Carter wrote many pieces based on literature throughout his career, setting texts by acclaimed American poets such as John Ashbery, Elizabeth Bishop, E.E. Cummings, T.S. Eliot, Robert Frost, John Hollander, Robert Lowell, Marianne Moore, Ezra Pound, Wallace Stevens, William Carlos Williams, and Louis Zukofsky. A creative burst of imagination began in earnest during the 1980s with works such as Night Fantasies (1980), Triple Duo (1982-83), Penthode (1985), and major orchestral essays such as his Oboe Concerto (1986–87), Three Occasions for Orchestra (1989), Violin Concerto (1990), and Symphonia: sum fluxae pretium spei (1993–96). Carter’s only opera, What Next? (1997–98), with a libretto by Paul Griffiths, was introduced by Daniel Barenboim, a champion of the composer’s music, in Berlin in 1999, and has since been produced at Tanglewood, in Munich, New York, Vienna, Melbourne, Montpellier, and Duisburg. Carter’s remarkable late-career creative burst continued at an astonishing rate, encouraged by commissions from Pierre Boulez and the Ensemble Intercontemporain, Oliver Knussen and the BBC Symphony Orchestra, James Levine and the Boston Symphony, the Aldeburgh, Lucerne, and Tanglewood Festivals, and ensembles from Boston to Seattle, and London to Ljubljana. Carter composed more than sixty works after the age of ninety including his Cello Concerto (2000), Of Rewaking (2002), Dialogues (2003), Three Illusions for Orchestra (2004), Mosaic (2004), and In the Distances of Sleep (2006).

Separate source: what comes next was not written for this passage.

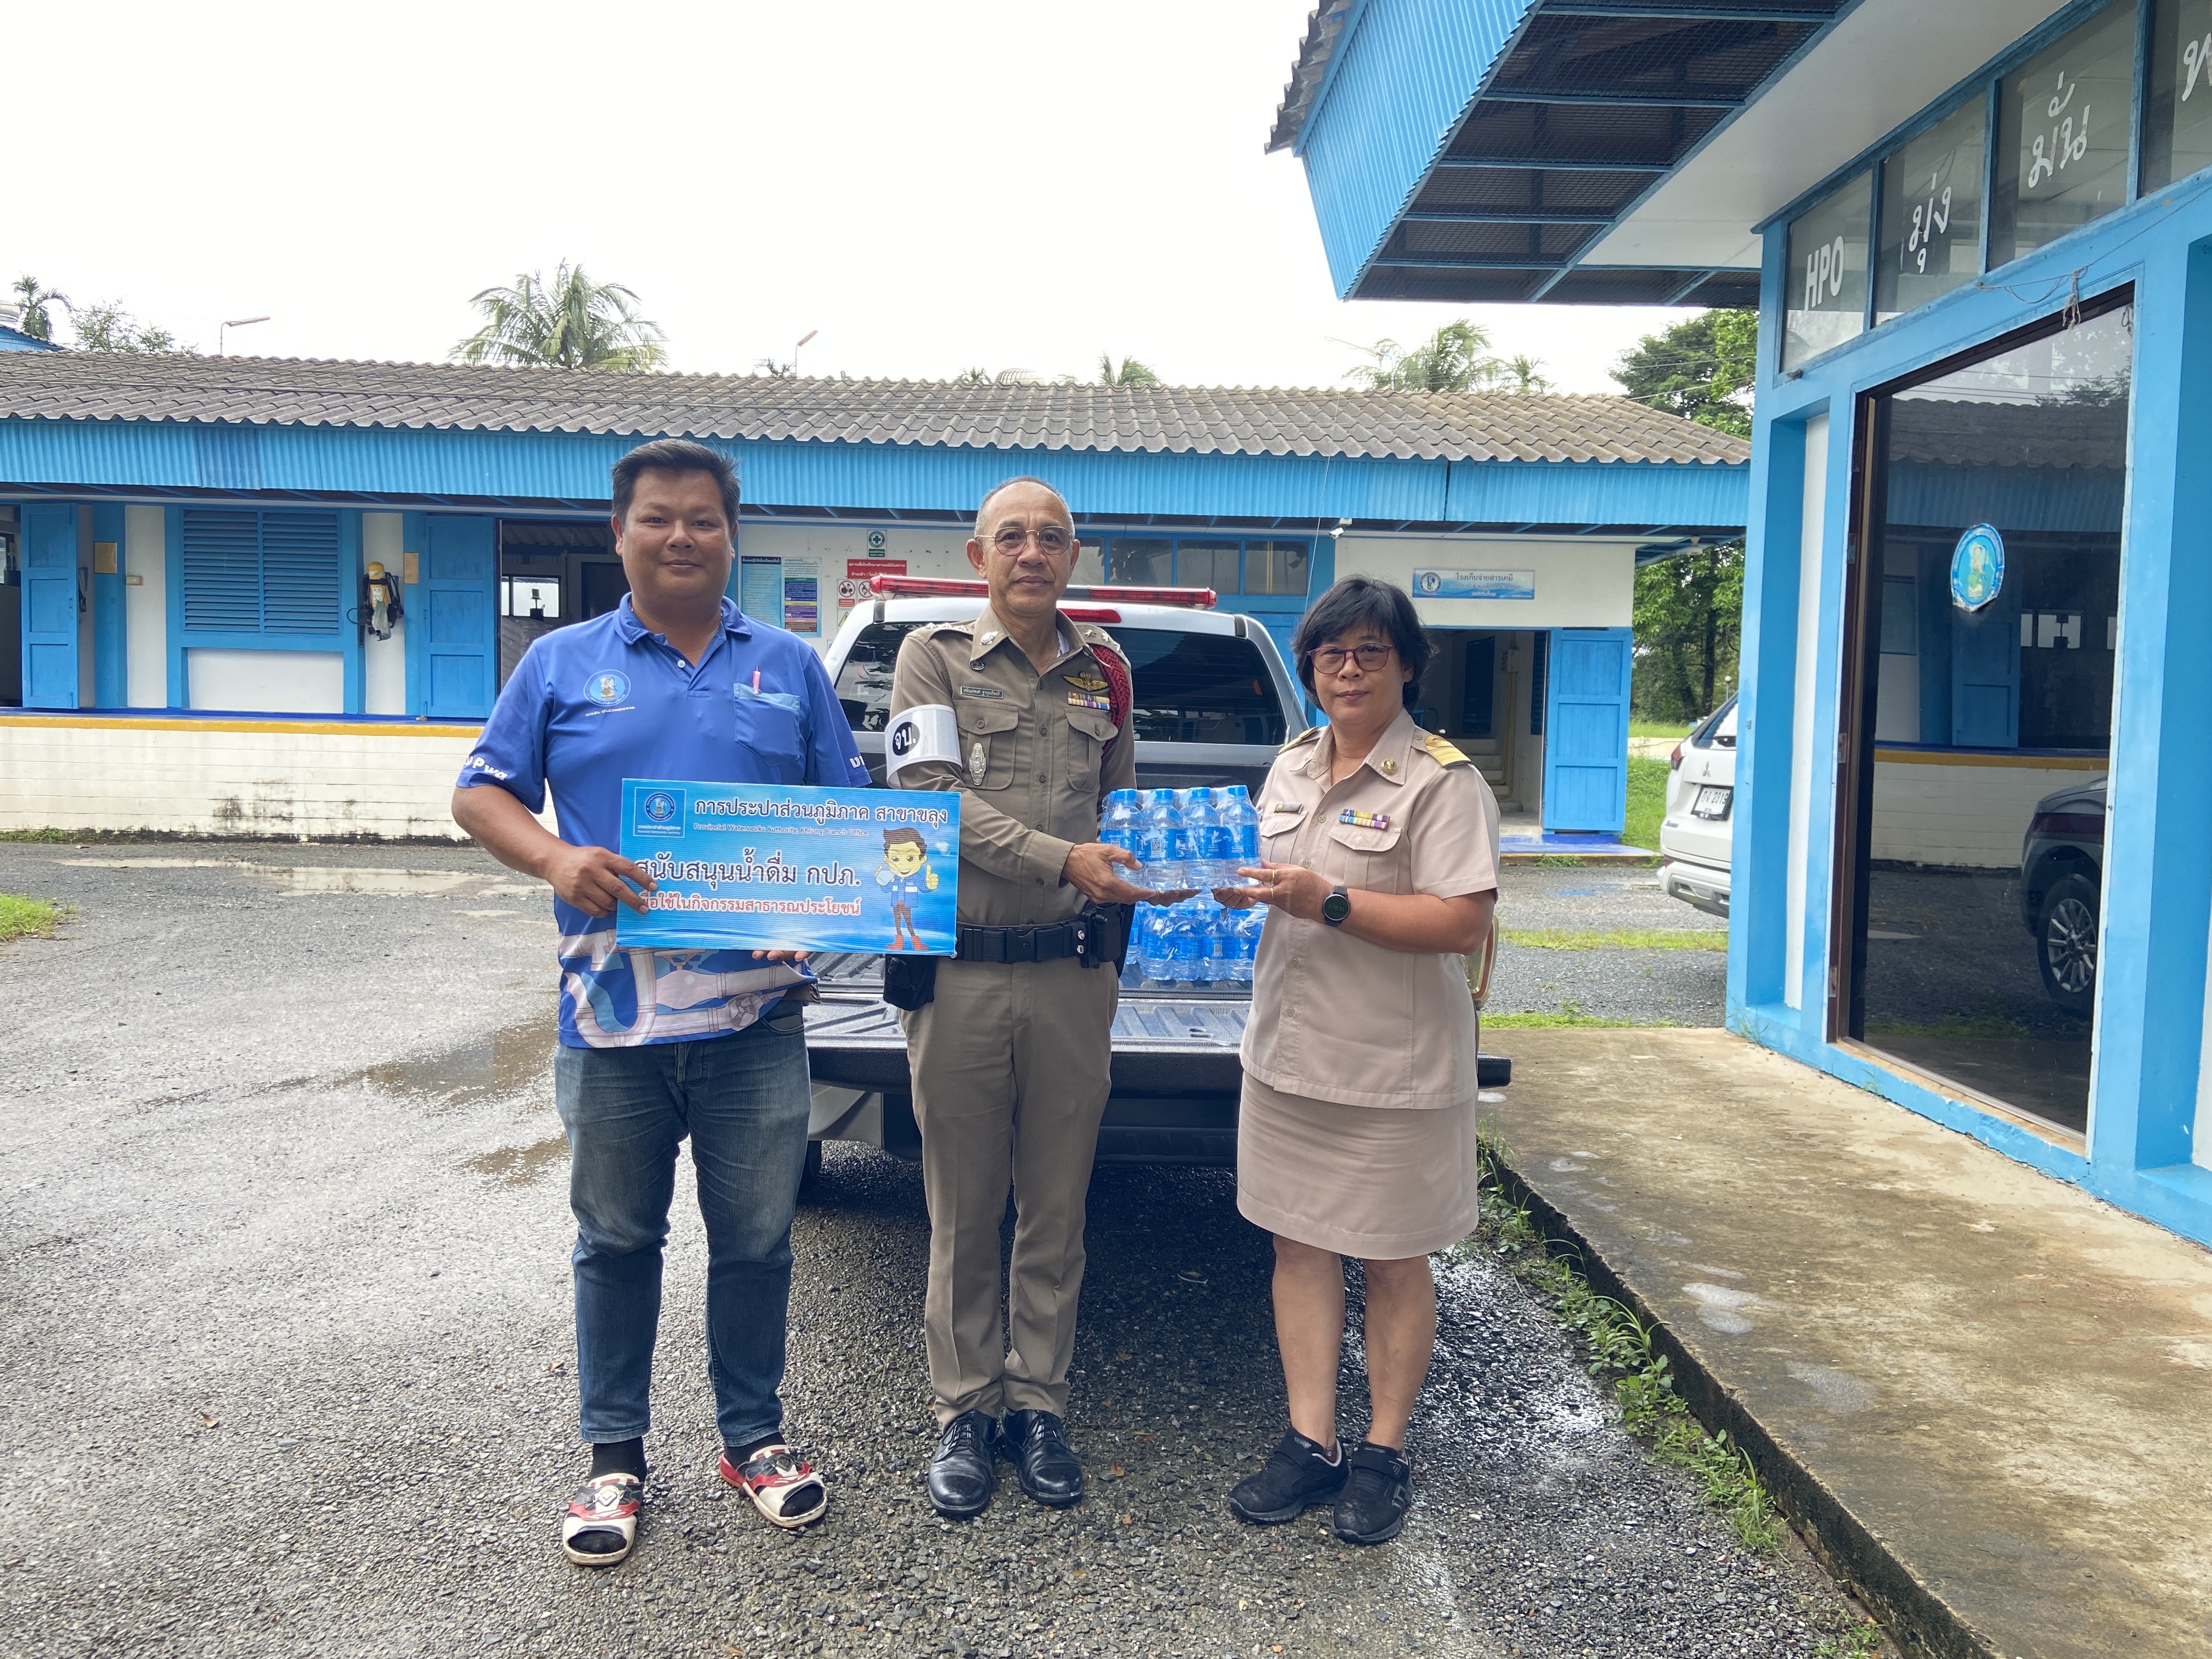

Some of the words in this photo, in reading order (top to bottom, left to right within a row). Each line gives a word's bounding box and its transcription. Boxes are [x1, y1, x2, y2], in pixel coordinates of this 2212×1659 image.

In his final years, Carter continued to complete works with astounding frequency, including Interventions for piano and orchestra (2007), Flute Concerto (2008), What are Years (2009), Concertino for Bass Clarinet and Chamber Orchestra (2009), and The American Sublime (2011). Carter’s last completed orchestral work, Instances (2012), was premiered by the Seattle Symphony in February 2013. His final work, Epigrams (2012) for piano trio, was premiered at the Aldeburgh Festival in June 2013.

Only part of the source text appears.